• YOUR ASSIGNMENT:
Print each entry again exactly as written, and keep the pictures out.

• Saved entries:
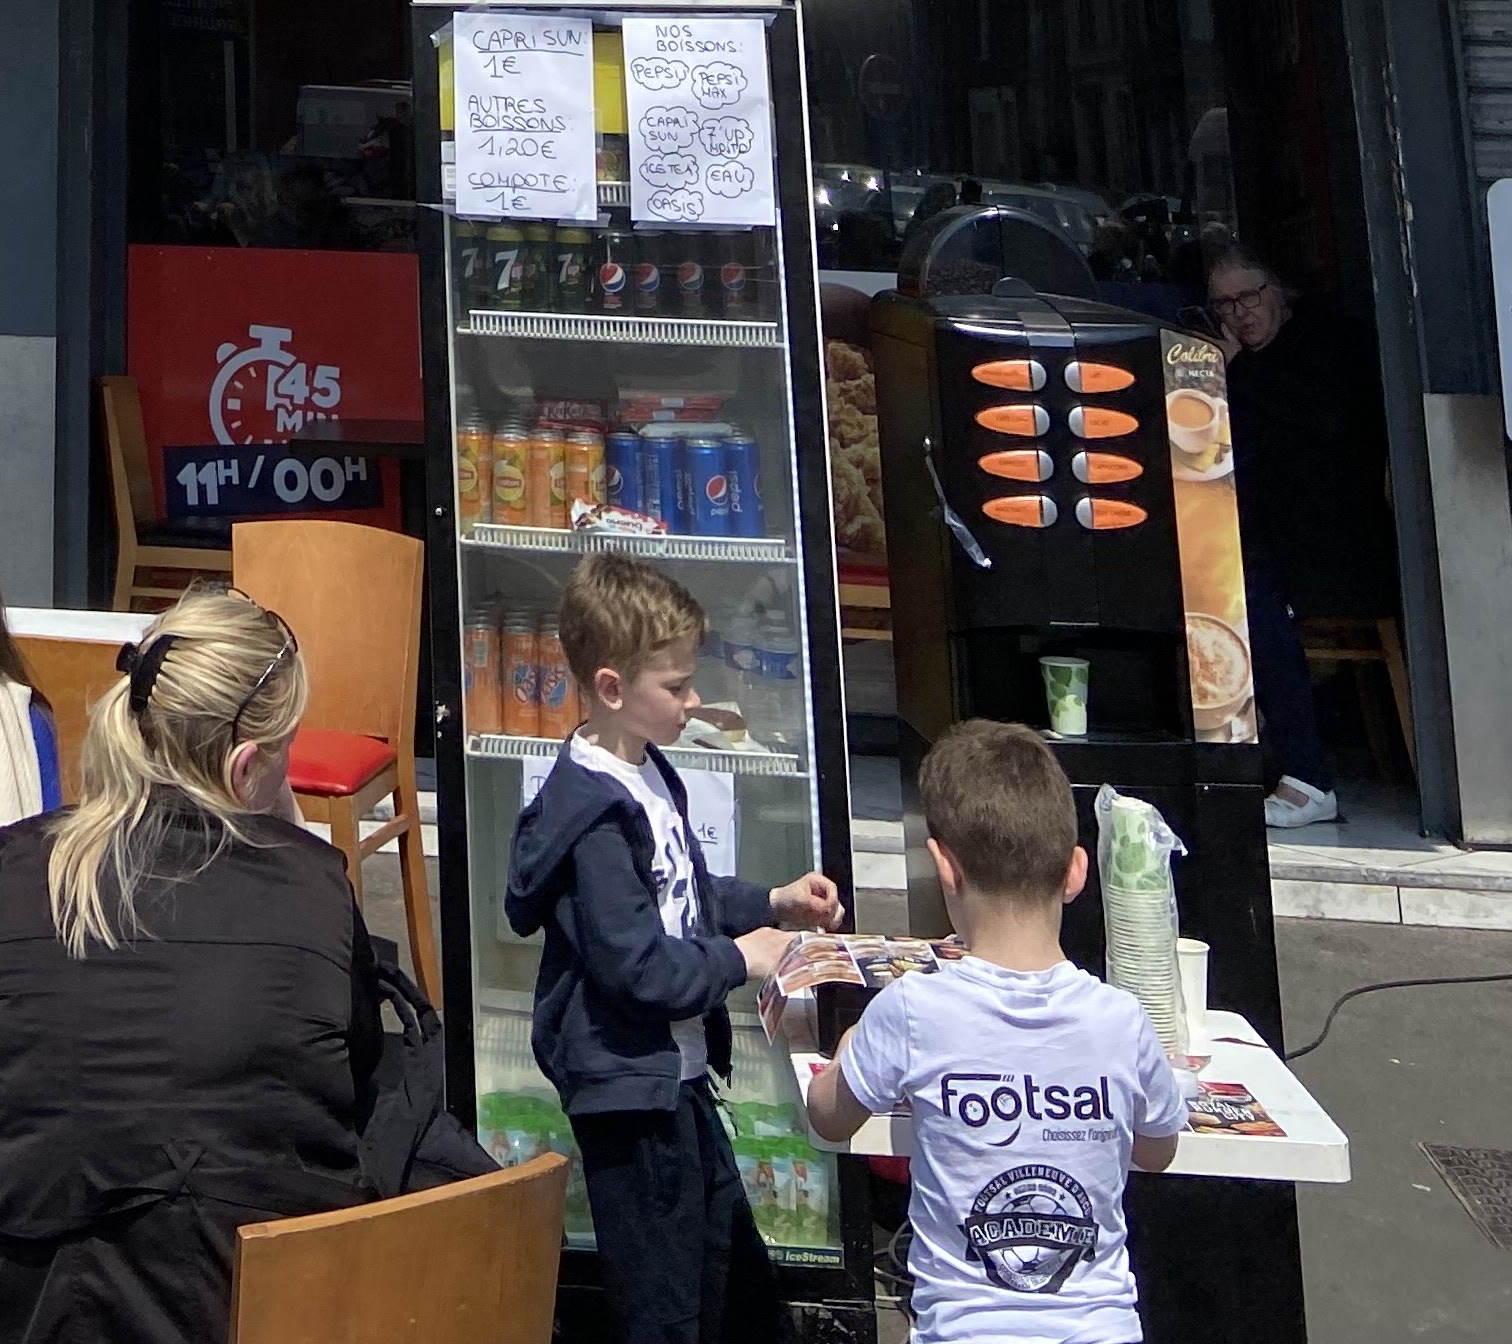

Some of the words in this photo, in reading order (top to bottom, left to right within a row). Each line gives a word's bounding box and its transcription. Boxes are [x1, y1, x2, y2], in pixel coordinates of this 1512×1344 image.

[472, 28, 537, 51] CAPRI
[655, 24, 693, 38] NOS
[483, 54, 522, 79] 1€
[633, 64, 679, 79] PEPSI
[698, 72, 740, 86] PEPSI
[467, 94, 547, 115] AUTRES
[648, 130, 678, 142] SUN
[477, 135, 557, 160] 1,20€
[710, 169, 745, 183] EAU
[485, 191, 532, 211] 1€
[652, 198, 697, 216] OASIS
[277, 362, 342, 409] 45
[974, 1177, 1008, 1213] FOOTSAL
[1009, 1166, 1073, 1188] VILLENEUVE
[786, 1250, 841, 1265] IceStream

• YOUR SOLUTION:
Some of the words in this photo, in reading order (top to bottom, left to right within a row). Each line gives a word's bounding box and its transcription. Boxes are [x1, y1, x2, y2], in pixel coordinates of this 1512×1344 image.

[472, 28, 537, 51] CAPRI
[655, 24, 693, 38] NOS
[483, 54, 522, 79] 1€
[633, 64, 679, 79] PEPSI
[698, 72, 740, 86] PEPSI
[467, 94, 547, 115] AUTRES
[648, 130, 678, 142] SUN
[477, 135, 557, 160] 1,20€
[710, 169, 745, 183] EAU
[485, 191, 532, 211] 1€
[652, 198, 697, 216] OASIS
[277, 362, 342, 409] 45
[974, 1177, 1008, 1213] FOOTSAL
[1009, 1166, 1073, 1188] VILLENEUVE
[786, 1250, 841, 1265] IceStream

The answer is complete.